Hamilton Herald Masthead


Front Page - Friday, November 4, 2016

Don’t overlook long-term care costs

How much money will you need in retirement? To arrive at an estimate, you should consider various factors, such as where you’ll live, how much you plan to travel, and so on. Not surprisingly, you’ll also need to think about health care costs, which almost always rise during retirement.

But there’s one area you might overlook: long-term care. Should you be concerned about these costs? In a word, yes. Expenses for long-term care – which can include receiving assistance at home as well as prolonged care in a facility – can be surprisingly expensive. Consider the following statistics, taken from the 2016 Cost of Care Study issued by Genworth, an insurance company:

-- The average annual cost for a private room in a nursing home is more than $92,000. And in some places, particularly major metropolitan areas, the cost is considerably higher.

-- The average annual cost for full-time services of an in-home health care aide is more than $46,000.

These costs are certainly daunting. Of course, you might think that you won’t have to worry about them, because you won’t ever need any type of long-term care, particularly if you’ve always been in good health and your family has no history of later-in-life cognitive impairment.

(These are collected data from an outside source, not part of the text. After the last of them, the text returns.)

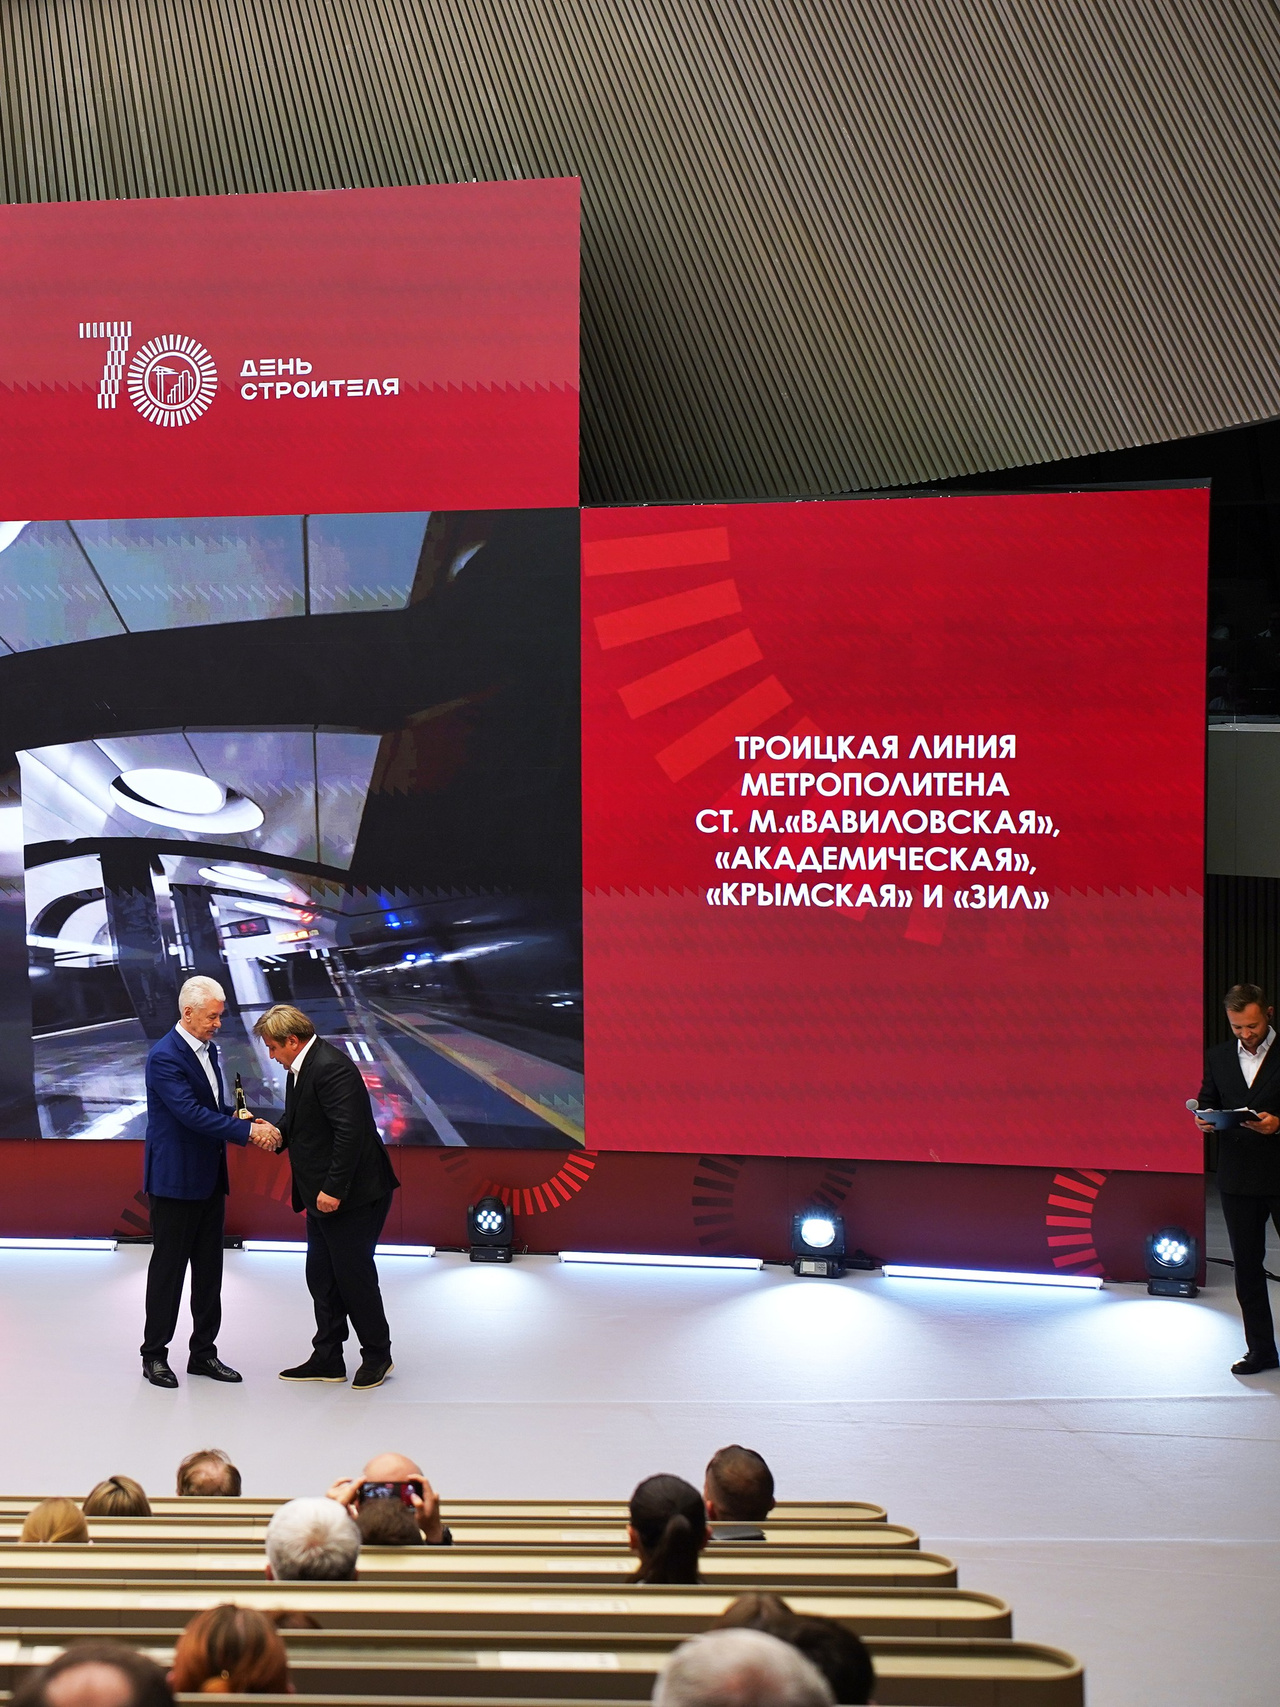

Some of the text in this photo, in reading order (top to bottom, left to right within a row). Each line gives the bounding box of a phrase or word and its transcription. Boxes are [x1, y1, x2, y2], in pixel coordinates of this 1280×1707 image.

[78, 320, 218, 428] 70
[239, 357, 313, 377] ДЕНЬ
[240, 377, 399, 401] СТРОИТЕЛЯ
[734, 734, 1017, 763] ТРОИЦКАЯ ЛИНИЯ
[740, 771, 1011, 797] МЕТРОПОЛИТЕНА
[695, 808, 739, 834] СТ.
[715, 845, 1037, 875] «АКАДЕМИЧЕСКАЯ»,
[706, 882, 1050, 910] «КРЫМСКАЯ» И «ЗИЛ»

However, the odds may not always be in your favor, because almost 70% of people turning age 65 will need some kind of assistance or long-term care at some point in their lives, according to the U.S. Department of Health and Human Services.

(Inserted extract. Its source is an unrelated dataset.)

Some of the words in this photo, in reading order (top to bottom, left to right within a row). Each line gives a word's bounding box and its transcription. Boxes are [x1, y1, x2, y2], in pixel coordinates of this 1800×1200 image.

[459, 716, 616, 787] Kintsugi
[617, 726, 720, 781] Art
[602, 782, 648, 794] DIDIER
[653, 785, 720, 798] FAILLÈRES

Given the costs of long-term care, and the possibility that you might really need this care, how can you prepare for the costs? Things may change in the future, but at this point, you really can’t count much on government programs to help pay for long-term care. Medicare typically pays for only a small percentage of these costs, and, to be eligible for Medicaid, you must have limited income and assets.

In fact, you might need to “spend down” some of your assets to qualify for Medicaid long-term care services. Obviously, this is not an attractive choice, particularly if you’d like to someday “leave something behind” to your family or favorite charity.

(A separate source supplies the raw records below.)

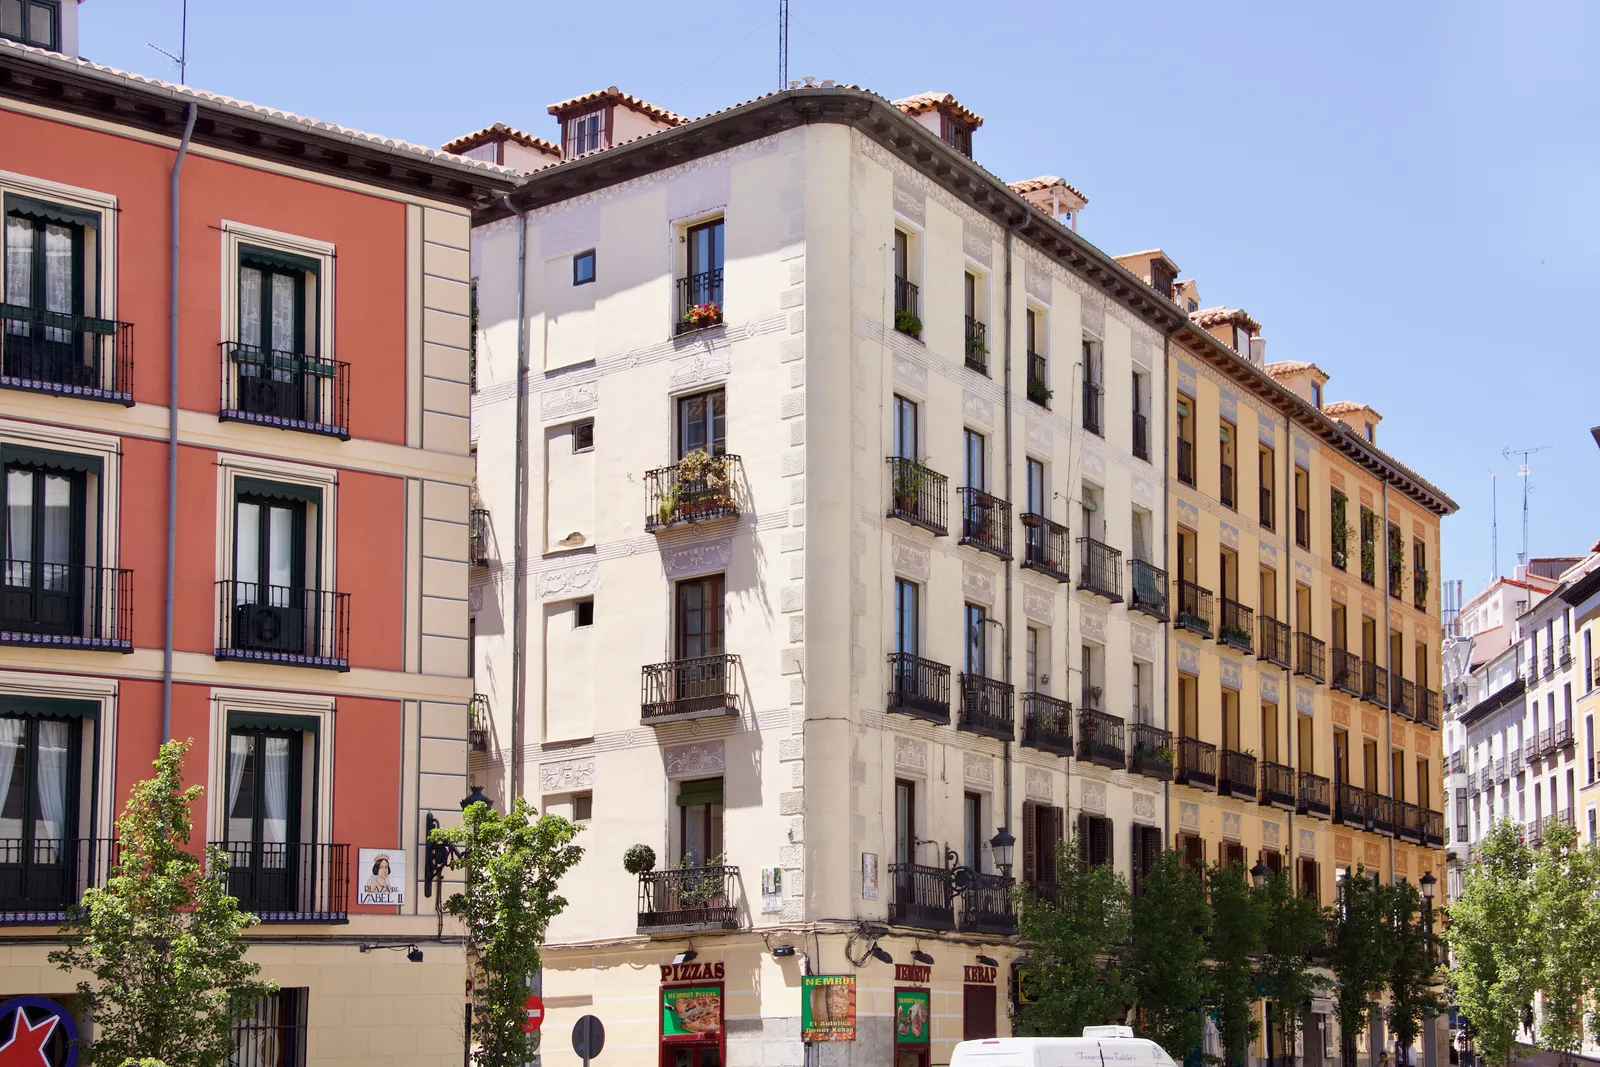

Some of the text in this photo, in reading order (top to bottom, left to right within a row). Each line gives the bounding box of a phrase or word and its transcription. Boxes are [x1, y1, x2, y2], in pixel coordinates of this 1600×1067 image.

[364, 885, 391, 893] PLAZA
[360, 893, 403, 904] ISABEL II
[660, 961, 725, 982] PIZZAS
[963, 965, 997, 984] KEBAP
[805, 977, 855, 986] NEMRUT

Consequently, you need to look at your options for paying for long-term care – just in case. You could earmark a certain percentage of your investment portfolio to cover long-term care costs; if you never need this care, you can simply use the money to pay for other areas of your retirement or for other purposes, such as charitable gifts or financial support to your grown children or grandchildren.

Or, as an alternative, you might want to work with a financial professional, who can recommend a strategy specifically designed to help you address long-term care costs. The marketplace in this area has evolved rapidly in recent years, so you should be able to find a solution that is both affordable and effective.

Keep in mind, though, that the earlier you purchase a long-term care solution, the more economical it will likely be for you.

In any case, don’t delay your planning for long-term care. Knowing that you’re protected against potentially catastrophic costs can make your retirement years less stressful for you and your family.